Für einen Kilogramm Gänsedauen benötigt man etwa 20 Gänse. Gänsedaunenbetten können gewaschen oder wieder befüllt werden, dadurch wird das Bett langlebig und ressourcenschonend. Wenn zudem das gesamte Tier – Fleisch, Federn, Daunen – genutzt wird, trägt auch ein Gänsebraten zu Weihnachten oder am Martinstag zur Nachhaltigkeit bei. Vorausgesetzt, man achtet auf Gänse aus deutscher Haltung.
Fazit
Eine Gans ist mehr als ein Festtagsbraten, sie ist ein traditionelles Nutztier, das in seiner Haltung viel Sorgfalt braucht und dafür mit Fleisch und Federn von besonderer Qualität belohnt.
Wer Gänsefleisch bewusst einkaufen möchte, kann sich an einigen Orientierungspunkten orientieren:
- Gänse aus regionaler Erzeugung profitieren nicht nur von kürzeren Transportwegen, sondern bieten zugleich mehr Transparenz und Kontrolle hinsichtlich Haltung und Tierwohl.
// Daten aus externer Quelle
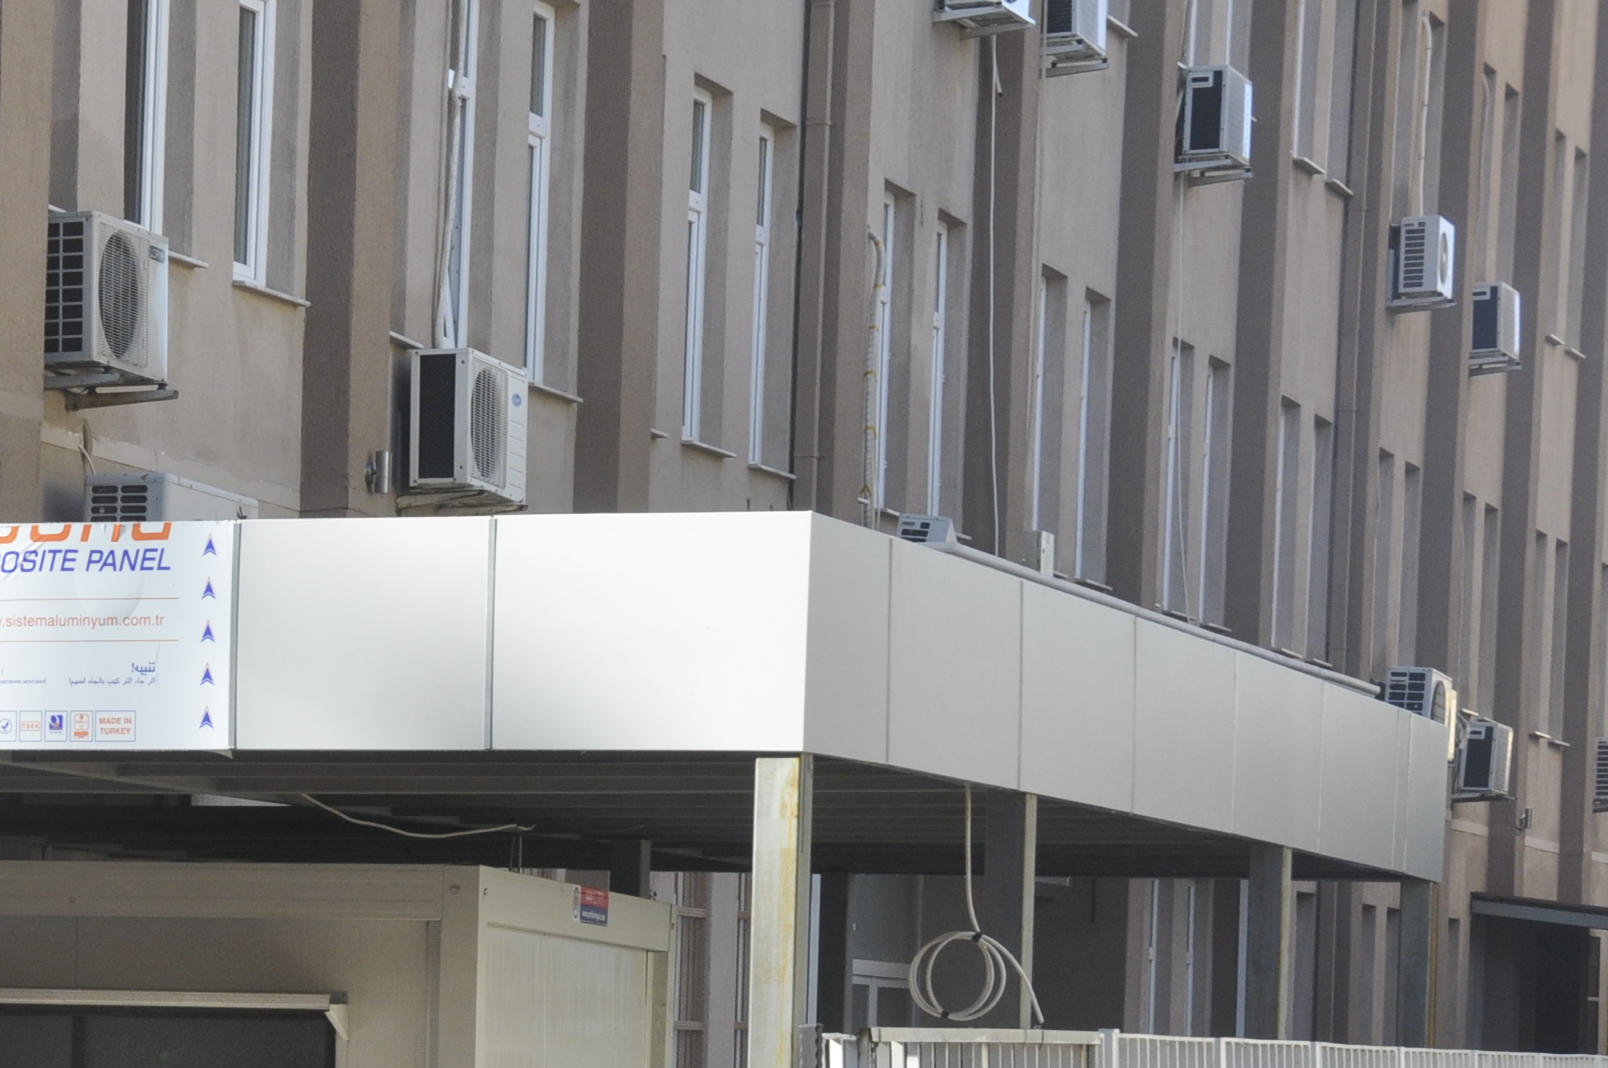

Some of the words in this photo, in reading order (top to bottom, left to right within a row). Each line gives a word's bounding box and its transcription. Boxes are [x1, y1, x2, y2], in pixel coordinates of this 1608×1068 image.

- Ein Blick auf das Haltungsformsiegel gibt Auskunft, wie die Tiere gehalten wurden. So wird z. B. Gänsefleisch, bei dem die Tiere Auslauf haben, mit den Bezeichnungen „Freilandhaltung“, oder „bäuerliche Freilandhaltung“ vermarktet.
- Zudem lohnt sich der Einkauf direkt beim Landwirt, denn so lassen sich Informationen über Rasse, Aufzucht und Fütterung aus erster Hand erfahren.
- Wichtig: Preiswertes Gänsefleisch aus dem Supermarkt kann ein Warnsignal sein. Oftmals stammt es von Tieren, deren Hauptprodukt die Stopfleber war und bei denen Fleisch, Federn und Daunen nur Nebenprodukte sind. Mit einem solchen Kauf unterstützt man häufig eine Haltung, die mit Tierwohl kaum mehr zu tun hat. Besser ist es, die Martins- oder Weihnachtsgans beim gänsehaltenden Landwirt zu bestellen.
Dieses zusätzliche Wissen kann Vertrauen schaffen und den Genuss der Gans zu einem bewussten Erlebnis machen
Albert-Schweitzer-Stiftung: Gänse (Stand: 17.10.2025)
BLE: Gänse aus heimischer Erzeugung (Stand: 17.10.2025)
BLE: Woher kommt die Weihnachtsgans? – Zu Besuch beim Gänsehalter (Stand: 02.10.2025)
DESATIS: Zahl-der-Woche 60 % des Gänsefleisches 2020 im November und Dezember erzeugt (Stand: 06.10.2025)
Dithmarscher Gefluegel: Über Gänse (Stand: 02.10.2025)
DLG: Haltung von Spezialgeflügel: Weidemastgänse (Stand: 02.10.2025)
Eskildsen: Kleine Federnkunde (Stand: 17.10.2025)
Flexikon: Gans (Stand: 02.10.2025)
Gänsehof Tapphorn: Bettenreinigung (Stand: 30.10.2025)
Geflügel Brandt: Gänseschmalz (Stand: 30.10.2025)
Hauswirtschaft.info: Federn (Stand: 30.10.2025)
Humbold-Universität zu Berlin: Weiden mit Gänsen (Stand: 02.10.2025)
Landwirtschaftskammer Niedersachsen: Gaense halten, vom Gössel bis zur Schlachtgans (Stand: 02.10.2025)
Nährwert Index: Gänsefett/-schmalz (Stand: 30.10.2025)
Nutrionio: Gänsefleisch (nur Fleisch) (Stand: 06.10.2025)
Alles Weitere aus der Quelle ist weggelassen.